I was listening to an episode of the BBC Radio 4 show "In Our Time," and I heard this from James Davey, a lecturer on naval and maritime history. He's comparing the reaction to the victory from the British public (sorrow over Nelson's death, displays of patriotism) with the government's (cynicism), and he says this:

"I think the (British) government knows full well that Trafalgar has done very little to shape the course of the war. As reports come back, as Vice-Admiral Collingwood's dispatches arrive, it's pretty clear that whilst Britain has captured and sunk a number of enemy ships, a lot have escaped. And of course the admiralty and the British government would have known that there were plenty of other French fleets stationed around Europe."

This surprised me, as it contradicts my own conception of Trafalgar as a major turning point not only in the Napoleonic Wars, but also in world history. Is my impression the result of a successful British propaganda campaign around Trafalgar? Was it really not that materially consequential?

jschooltiger

This is an old chestnut that gets brought up from time to time, to which there are several non-competing answers (that is, there are multiple answers to it that are not mutually exclusive).

  1. Was Trafalgar a decisive battle?
  • Indeed, it was, at sea. The defeat of the allied (Franco-Spanish) fleet ended the real threat of an invasion of Britain, although France and its allies had attempted to invade Britain many times in the 18th century, usually leading to disaster. (Amphibious operations are actually really hard.) Although Napoleon and his allies had at their command most of the forests of Europe, they did not have the naval infrastructure that Britain commanded to actually build ships with seasoned timber, add to them useful warrant and commissioned officers, man them with adequate, uh, manpower, and so forth. Although there were certainly capital ships at Napoleon's command, they were for the most part bottled up in port or, if they cruised, unable to make major inroads on Britain's fleet.

  • It was not, on land. It's a truism of war that "boots on the ground" are the only thing that can occupy land, and though naval expeditions can make a big difference in the timing of warfare -- one only has to look at Drake's raids on Cadiz and the Iberian coast in 1587 to see this as a factor -- naval warfare alone rarely forces the issue in a war. (It's a fairly debated question whether the naval blockade of Japan, the bombing raids on the Home Islands, the atomic bomb, or the invasion of Manchuria by the Soviet Union caused Japan to surrender in WWII - it's very likely a "both and" scenario.) The analogy of the elephant versus the whale is apt; how would the two actually fight?

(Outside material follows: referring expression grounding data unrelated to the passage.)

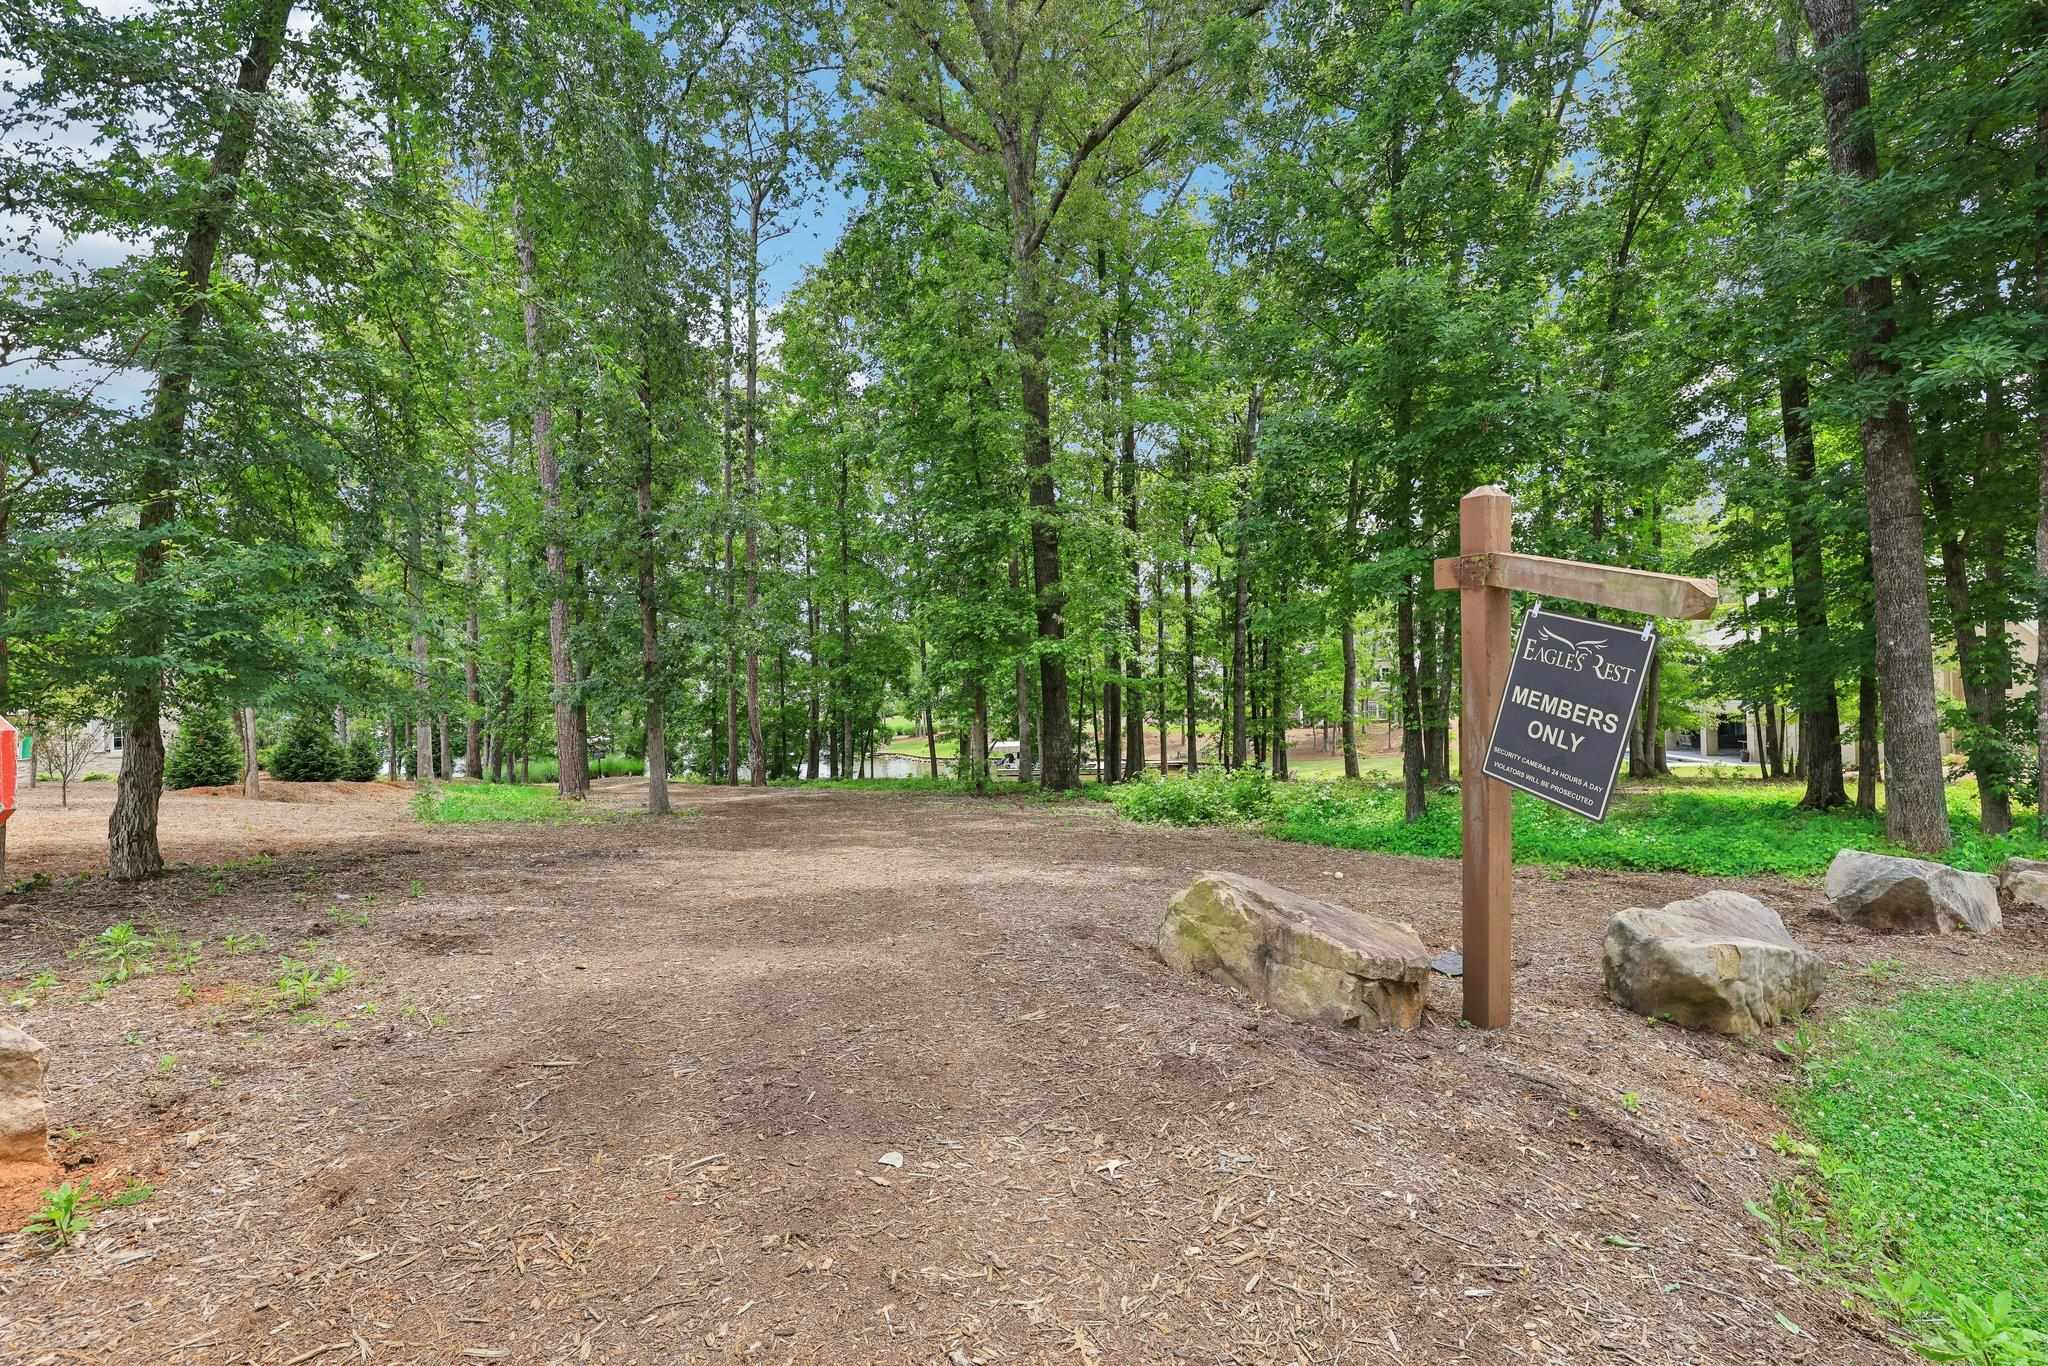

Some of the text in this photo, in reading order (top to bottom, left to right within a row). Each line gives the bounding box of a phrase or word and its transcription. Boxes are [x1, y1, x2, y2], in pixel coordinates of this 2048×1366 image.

[1511, 685, 1619, 734] MEMBERS
[1527, 720, 1585, 753] ONLY
[1493, 746, 1521, 761] SECURITY
[1521, 757, 1551, 773] CAMERAS
[1551, 768, 1559, 777] 24
[1559, 771, 1582, 786] HOURS
[1589, 784, 1603, 793] DAY
[1493, 761, 1594, 807] VIOLATORS WILL BE PROSECUTED
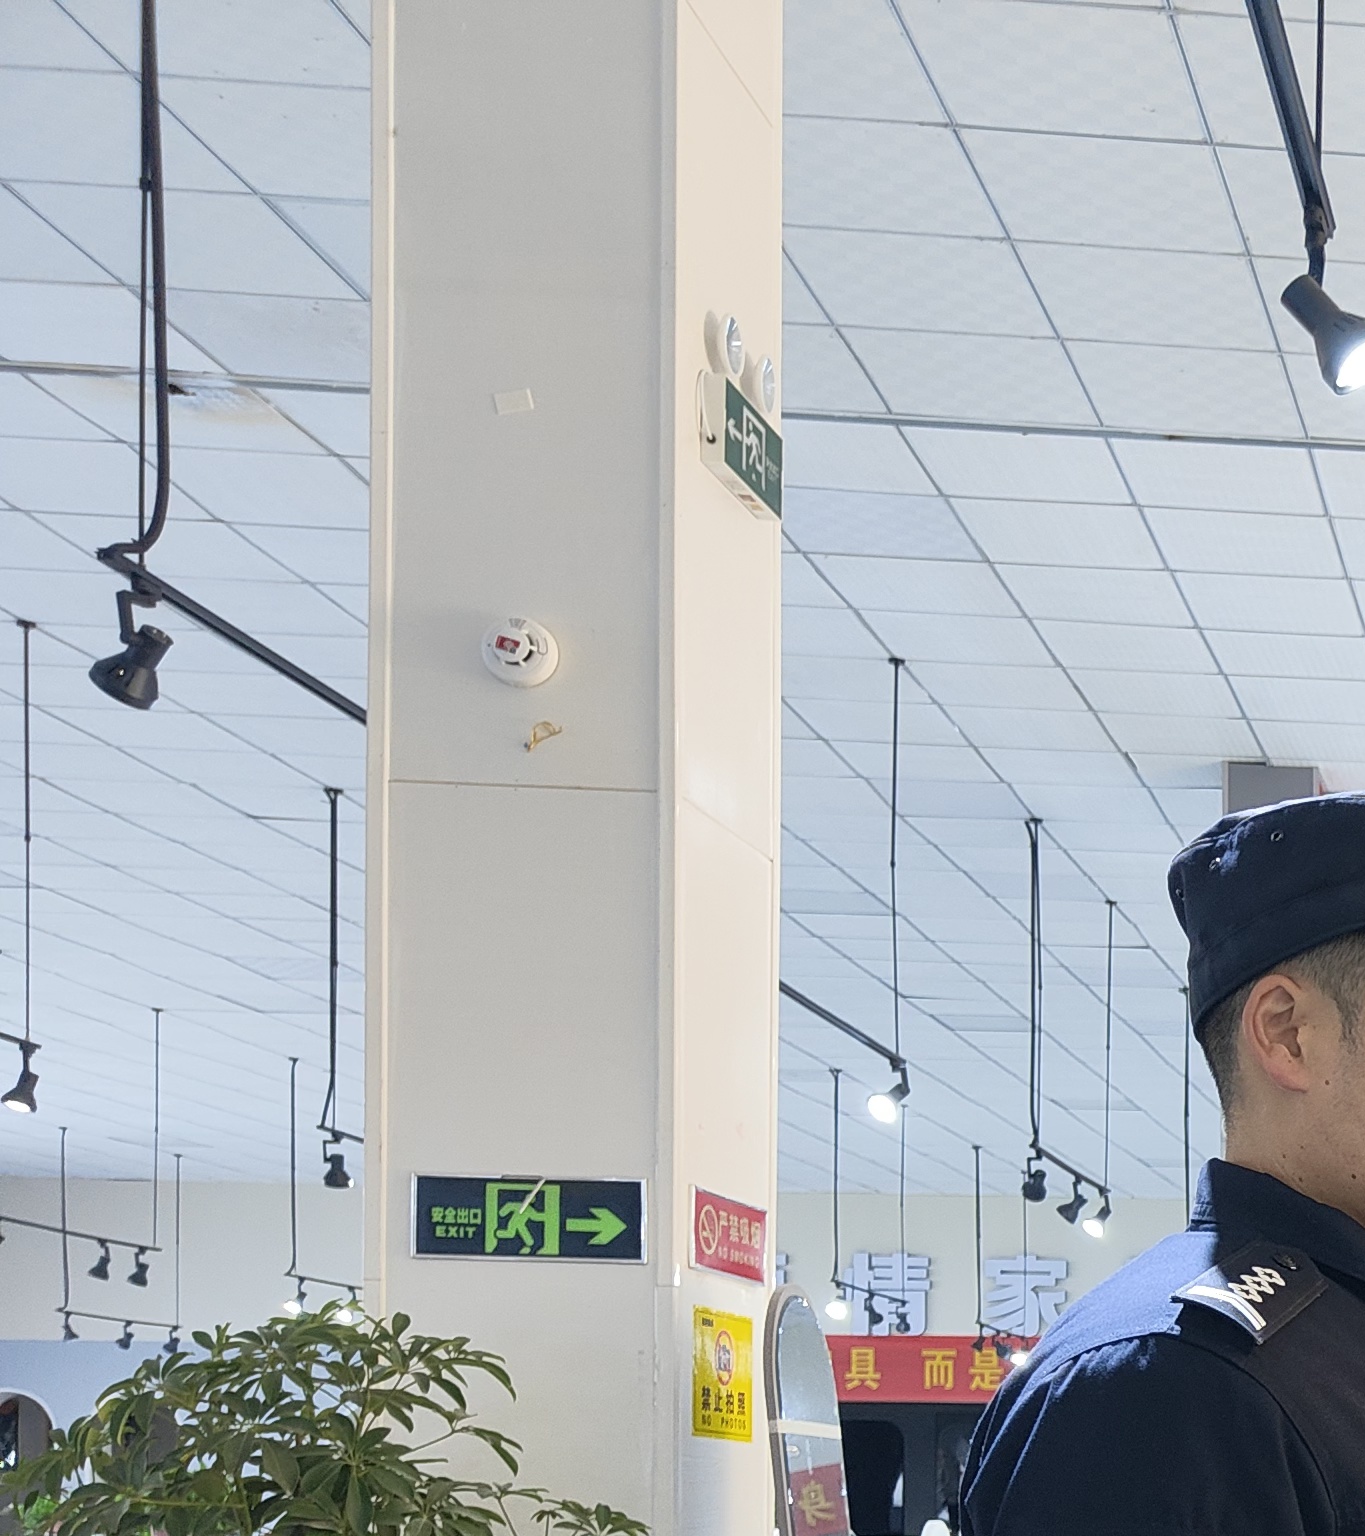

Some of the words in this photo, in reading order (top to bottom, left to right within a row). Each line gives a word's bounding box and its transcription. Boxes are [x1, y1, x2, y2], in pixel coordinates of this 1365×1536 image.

[431, 1206, 482, 1225] 安全出口
[435, 1225, 477, 1239] EXIT
[718, 1209, 761, 1250] 严禁吸烟
[844, 1346, 882, 1391] 具
[701, 1384, 747, 1417] 禁止拍照
[701, 1413, 713, 1428] NO
[720, 1416, 747, 1431] PHOTOS

  1. Why did Trafalgar not end the Napoleonic wars?
  • Because Napoleon still had many enemies, and allies, on land. The War of the Third Coalition started in 1803, when Napoleon smashed the Peace of Amiens, but Britain was able to garner allies in the HRE, Naples, Sicily, Russia and Sweden. Napoleon arguably destroyed the Third Coalition at Austerlitz, although there was a bit of a sideshow in Naples later, but his continued aggression led to the war(s) of the Fourth Coalition starting in 1806. Napoleon's decision to install his brother on the throne of Spain in 1808 led to the Peninsular War, which Britain financed through its naval trade and supply routes through Portugal (initially) and later Spain, which led eventually to the defeat of Napoleon by conventional armies and his abdication, briefly interrupted by the 100 Days which ended at Waterloo. (Yes, I'm simplifying things here).
  1. Why is Trafalgar important?
  • It was/is only major naval battle fought between 1805 and 1916 (Jutland), and it informed naval thought during that time. Alfred Thayer Mahan based his theory of naval history upon Trafalgar, though he cherry-picks other battles in his works, and his book was read not only in Europe but also in the United States, and Japan, where a young Yamamoto Isoruku (among many others) was inspired by it. What John Keegan calls "the price of admiralty" -- and although his works are imperfect, he nails it here -- is the issue of any global power; two-thirds or more of the world's commerce moves by sea, and control of the sea is expensive and difficult for any country to claim and to enforce. Naval warfare alone cannot be decisive in war -- if we imagine a counterfactual where Villenvenue beats Nelson, Napoleon still has to put troops on the ground to occupy Buckingham Palace -- but it can massively influence the course of events in any case.